Waldo cruzó el charco en tiempos en los que los cracks brasileños nacían y se retiraban en su país, formando escuadras de leyenda para convertir la Libertadores en la competición de clubes más potente del orbe. Aunque su aterrizaje en Mestalla no vino precedido de buenas noticias. La llegada del Fluminense a Valencia respondía al partido homenaje al fallecido –en accidente de tráfico– Walter Marciano, el tipo que se trajo Cubells de Brasil cuando descubrió a Pelé.

La exhibición del 9 carioca provocó que poco después, Vicente Peris, huyera hacia Río de Janeiro y cerrara su millonaria contratación, incorporando un artillero de aquella talla a un equipo que necesitaba empezar a ganar. Y vaya si ganó, en sus nueve años con la zamarra del murciélago Waldo se enfundó dos copas de la UEFA, una Copa y un par de pichichis nacionales e internacionales, formando con Guillot una pareja letal, que vista hoy en foto, podría confundirse con un dueto conjugado por Rooney y Falcao.

«Un club que no conoce ni respeta su historia es un club que no tiene nada, está abocado a la perdición» dice Valterson.
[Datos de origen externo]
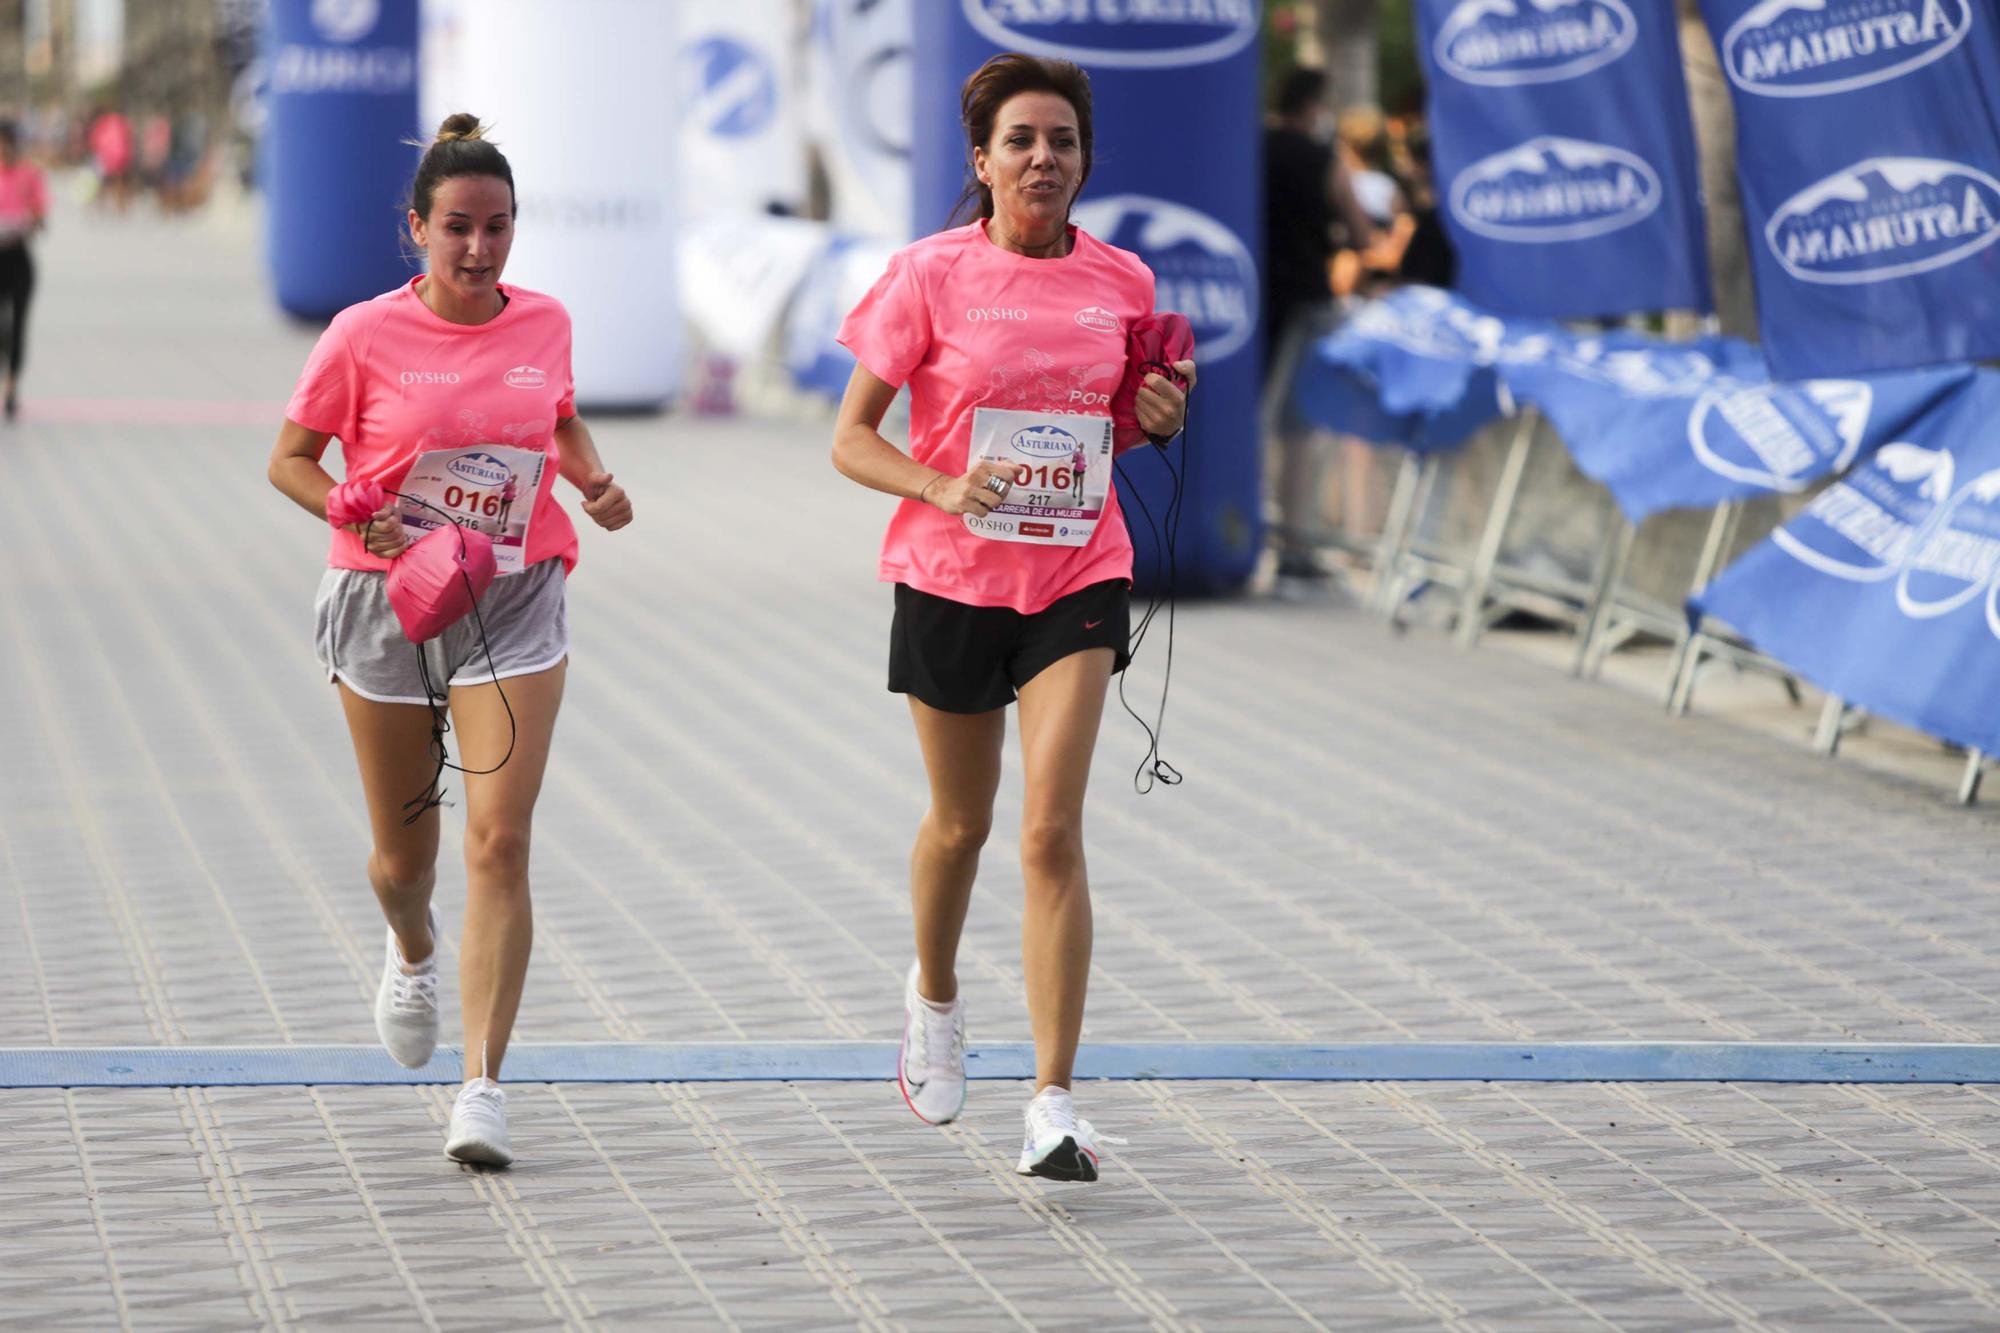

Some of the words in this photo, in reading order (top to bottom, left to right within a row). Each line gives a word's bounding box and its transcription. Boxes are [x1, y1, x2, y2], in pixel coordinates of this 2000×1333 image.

Quizá por eso ‘Waldo, o artilhero’ es un bien necesario, donde se repasa la vida y milagros del mito desde su infancia hasta su retirada, descubriéndoles a los brasileños un tipo que pagó en carnes el ‘pecado’ de emigrar y por el cual se le cerraron las puertas de la seleçao, camiseta que solo vistió en cinco ocasiones cuando merecía haberlo hecho en cincuenta y seis, cayendo así en el abismo del olvido.

Quizá duela eso de que haya tenido que ser Brasil –teniéndolo aquí para lo que queramos– , donde ya nadie se acordaba de él, quien haya bordado en letras la historia de un jugador irrepetible, no exento de penurias hasta el punto de vender, tiempo atrás, sus trofeos con tal de poder comer.

Bothelo no es ajeno a esas estrecheces, por eso decidió cederle los derechos de autor de su libro a Waldo, como un doble tributo a la vida de un personaje único e irrepetible que posee el don de haber hecho historia en las dos orillas del mundo portando camisetas que no están hechas para que las luzca cualquiera.